Three Prey Veng province policemen charged in 2002 with killing a man in police custody are scheduled to stand trial next month, a lawyer and rights worker said Jan 17.

The officers, who were deputy district police chiefs at the time of the incident in July 2001, are due to stand trial on Feb 8.

Villager Eath Oeun, 35, died on July 29, 2001—three days after he was arrested for stealing in Mesang district’s Prey Khnes commune, said Hong Kimsoun, a lawyer for relatives of the deceased man.

Hong Kimsoun said that Eath Oeun’s body was badly bruised when handed over by police, indicating that he had been beaten in custody.

Seng Sopheak, Prey Veng provincial deputy police chief, said that his officers were innocent.

He said that Eath Oeun’s wife, who administered the traditional Khmer coining to her husband, had inflicted the bruises on the victim.

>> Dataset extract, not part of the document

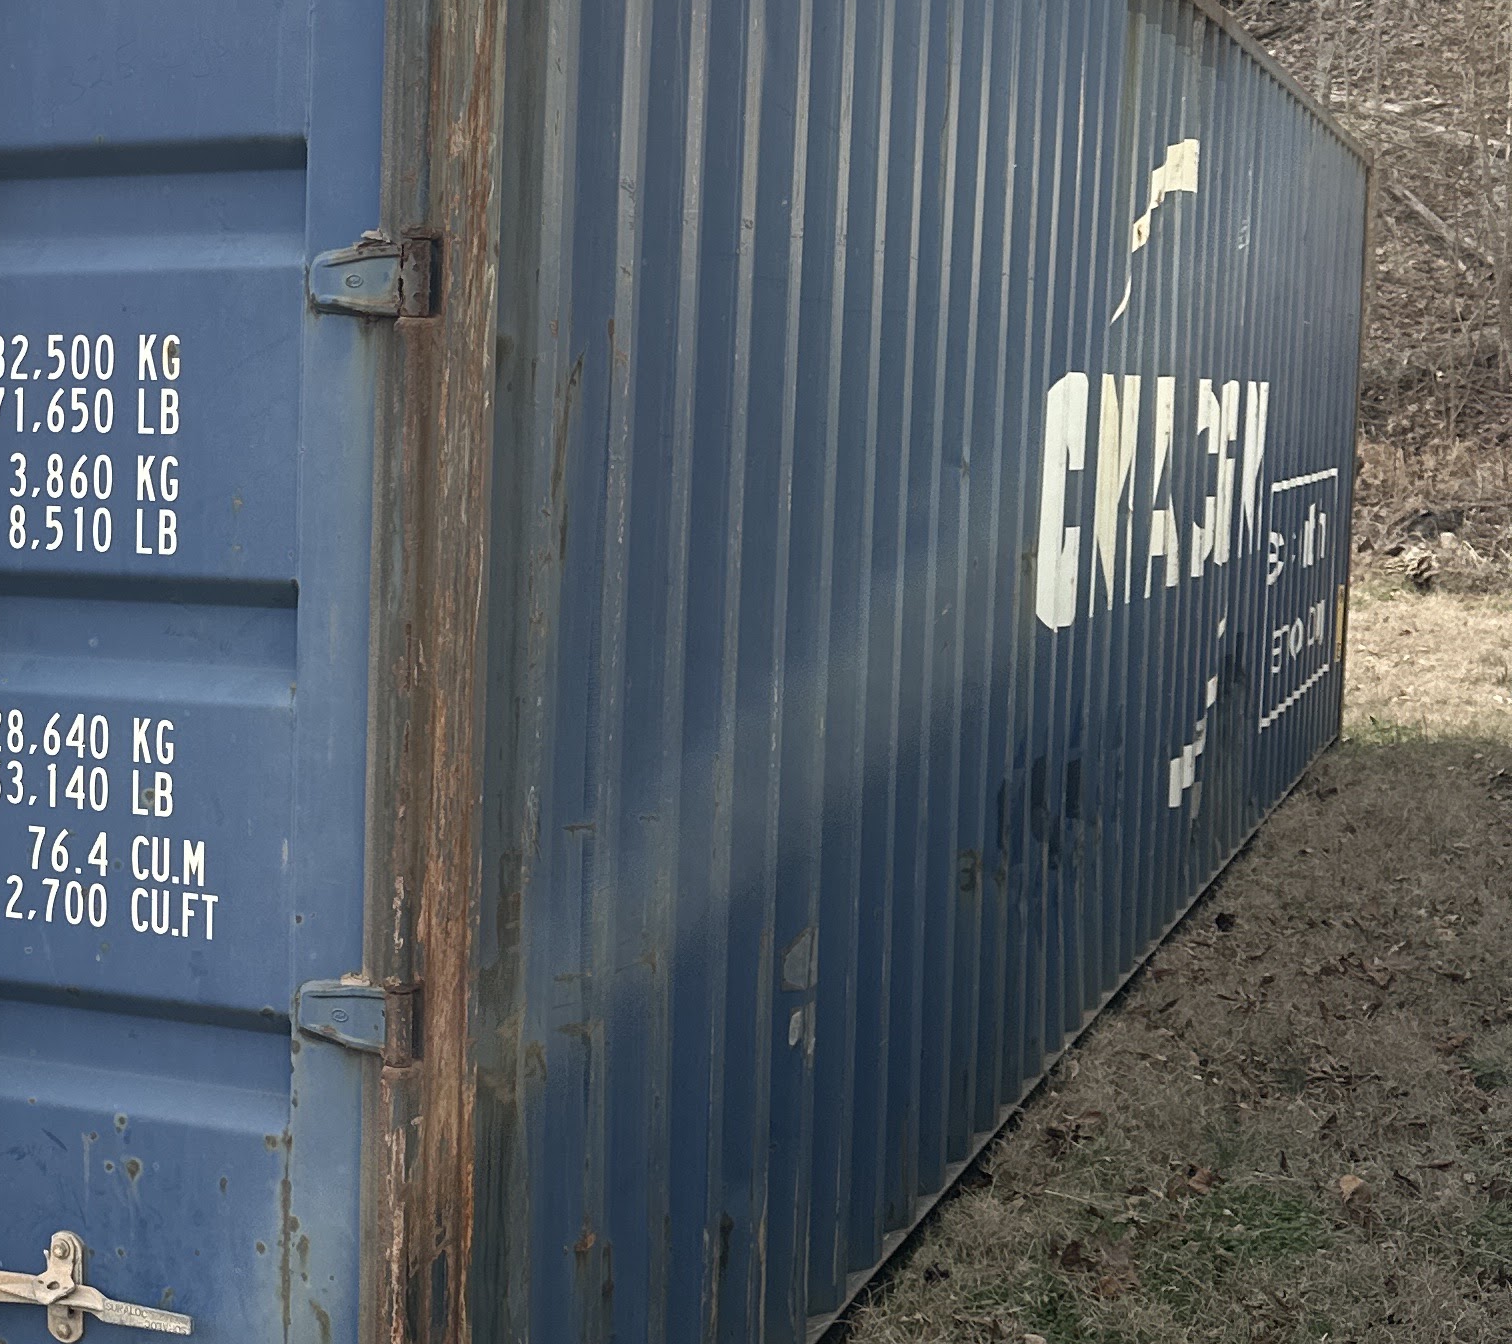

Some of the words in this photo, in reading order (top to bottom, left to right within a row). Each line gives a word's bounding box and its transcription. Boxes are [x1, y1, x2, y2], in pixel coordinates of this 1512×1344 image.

Because the dead man was cremated shortly after death without being examined by a doctor, Seng Sopheak said, photographs of the man’s allegedly battered body do not constitute evidence.

“My three police officers who were charged with intentional killing are innocent,” Seng Sopheak said.

Suspects Bun Samphea, deputy police chief for Sithor Kandal district; Suos Bunthat, deputy police chief for Mesang district; and Hay Chivon, deputy commune police chief for Prey Khnes commune in Mesang district are all still at work, he added.

Jason Barber, a consultant at local rights group Licadho’s Project Against Torture, said a photograph of Eath Oeun’s body was sent to the Philippines in 2001 for investigation by leading forensic pathologist Raquel del Rosario-Fortun.

Rosario-Fortun’s official report, which found marks on the body to be consistent with torture, was passed to Prey Veng provincial court in 2002, Barber said.